Lo primero es tener muy claro cuáles son nuestros derechos y también que por desgracia las compañías de seguros no siempre velan por el interés de sus asegurados o al menos no lo hacen de manera eficaz. Mi primer consejo es recurrir a un abogado independiente, que analice la situación y vea de qué opciones disponemos, es importante leer la póliza pues las compañías acostumbran a fijar unos costes máximos de defensa que en la mayoría de los casos serán suficientes para cubrir los honorarios del abogado.

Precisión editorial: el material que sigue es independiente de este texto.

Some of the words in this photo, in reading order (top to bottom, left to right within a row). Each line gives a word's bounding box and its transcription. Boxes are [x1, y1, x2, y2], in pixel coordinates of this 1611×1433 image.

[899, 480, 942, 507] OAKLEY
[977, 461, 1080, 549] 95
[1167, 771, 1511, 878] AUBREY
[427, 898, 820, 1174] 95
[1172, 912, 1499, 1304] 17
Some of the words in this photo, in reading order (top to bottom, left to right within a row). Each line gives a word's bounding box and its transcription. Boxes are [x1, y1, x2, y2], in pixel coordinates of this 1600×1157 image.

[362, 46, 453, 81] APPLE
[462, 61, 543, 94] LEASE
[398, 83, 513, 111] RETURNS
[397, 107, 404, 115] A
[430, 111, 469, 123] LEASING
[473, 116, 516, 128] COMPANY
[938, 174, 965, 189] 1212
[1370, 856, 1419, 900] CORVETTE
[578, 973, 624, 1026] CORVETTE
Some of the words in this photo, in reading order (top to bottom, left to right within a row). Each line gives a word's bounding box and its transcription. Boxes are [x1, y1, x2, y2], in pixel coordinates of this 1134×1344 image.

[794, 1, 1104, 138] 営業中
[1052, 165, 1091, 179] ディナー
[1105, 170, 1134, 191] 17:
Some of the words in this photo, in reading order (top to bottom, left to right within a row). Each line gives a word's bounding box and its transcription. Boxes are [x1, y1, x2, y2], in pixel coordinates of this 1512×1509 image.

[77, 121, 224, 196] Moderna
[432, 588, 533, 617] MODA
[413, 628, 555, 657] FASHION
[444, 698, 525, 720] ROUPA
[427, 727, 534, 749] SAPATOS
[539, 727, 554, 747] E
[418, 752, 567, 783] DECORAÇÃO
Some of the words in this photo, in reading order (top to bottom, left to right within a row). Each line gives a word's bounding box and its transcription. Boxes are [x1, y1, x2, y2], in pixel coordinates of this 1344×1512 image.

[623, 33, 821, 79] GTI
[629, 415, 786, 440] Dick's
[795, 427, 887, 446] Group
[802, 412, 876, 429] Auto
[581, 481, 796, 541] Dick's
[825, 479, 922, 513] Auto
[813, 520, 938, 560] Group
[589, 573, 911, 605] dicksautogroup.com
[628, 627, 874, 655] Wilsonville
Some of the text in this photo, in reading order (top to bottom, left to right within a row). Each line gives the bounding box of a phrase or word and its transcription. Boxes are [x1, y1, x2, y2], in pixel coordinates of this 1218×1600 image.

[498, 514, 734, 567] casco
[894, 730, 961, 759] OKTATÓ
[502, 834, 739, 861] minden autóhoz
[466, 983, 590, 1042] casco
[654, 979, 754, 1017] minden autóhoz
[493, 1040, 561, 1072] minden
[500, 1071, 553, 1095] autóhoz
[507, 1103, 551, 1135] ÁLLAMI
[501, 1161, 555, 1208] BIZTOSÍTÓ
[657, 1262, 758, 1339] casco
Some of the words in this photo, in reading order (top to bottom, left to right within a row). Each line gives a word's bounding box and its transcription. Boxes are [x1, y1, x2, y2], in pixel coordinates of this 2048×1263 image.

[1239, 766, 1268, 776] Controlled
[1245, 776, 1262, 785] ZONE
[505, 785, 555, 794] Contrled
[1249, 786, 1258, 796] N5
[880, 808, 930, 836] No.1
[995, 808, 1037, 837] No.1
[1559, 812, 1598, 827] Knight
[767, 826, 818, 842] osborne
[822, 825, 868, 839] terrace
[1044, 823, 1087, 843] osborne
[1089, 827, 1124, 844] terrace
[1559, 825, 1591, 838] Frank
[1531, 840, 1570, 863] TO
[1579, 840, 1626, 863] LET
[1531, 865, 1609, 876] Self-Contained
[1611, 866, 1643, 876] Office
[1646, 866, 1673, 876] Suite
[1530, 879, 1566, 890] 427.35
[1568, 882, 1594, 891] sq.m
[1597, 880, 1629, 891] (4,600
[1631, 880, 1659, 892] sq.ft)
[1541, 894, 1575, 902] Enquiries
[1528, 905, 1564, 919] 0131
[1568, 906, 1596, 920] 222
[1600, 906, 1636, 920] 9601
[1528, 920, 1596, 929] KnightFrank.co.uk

Por experiencia y por la jurisprudencia que hay, en casos que la culpa está clara si el valor de la reparación es razonable, se llega a un juicio con el vehículo reparado aportando la correspondiente factura, el juez va a considerar daños probados la reparación del vehículo e incluirla en la indemnización que fije, pero claro esto significa tener que anticipar el pago de la reparación, por ello es importante antes de dar ningún paso ponernos en manos de un experto que nos asesore.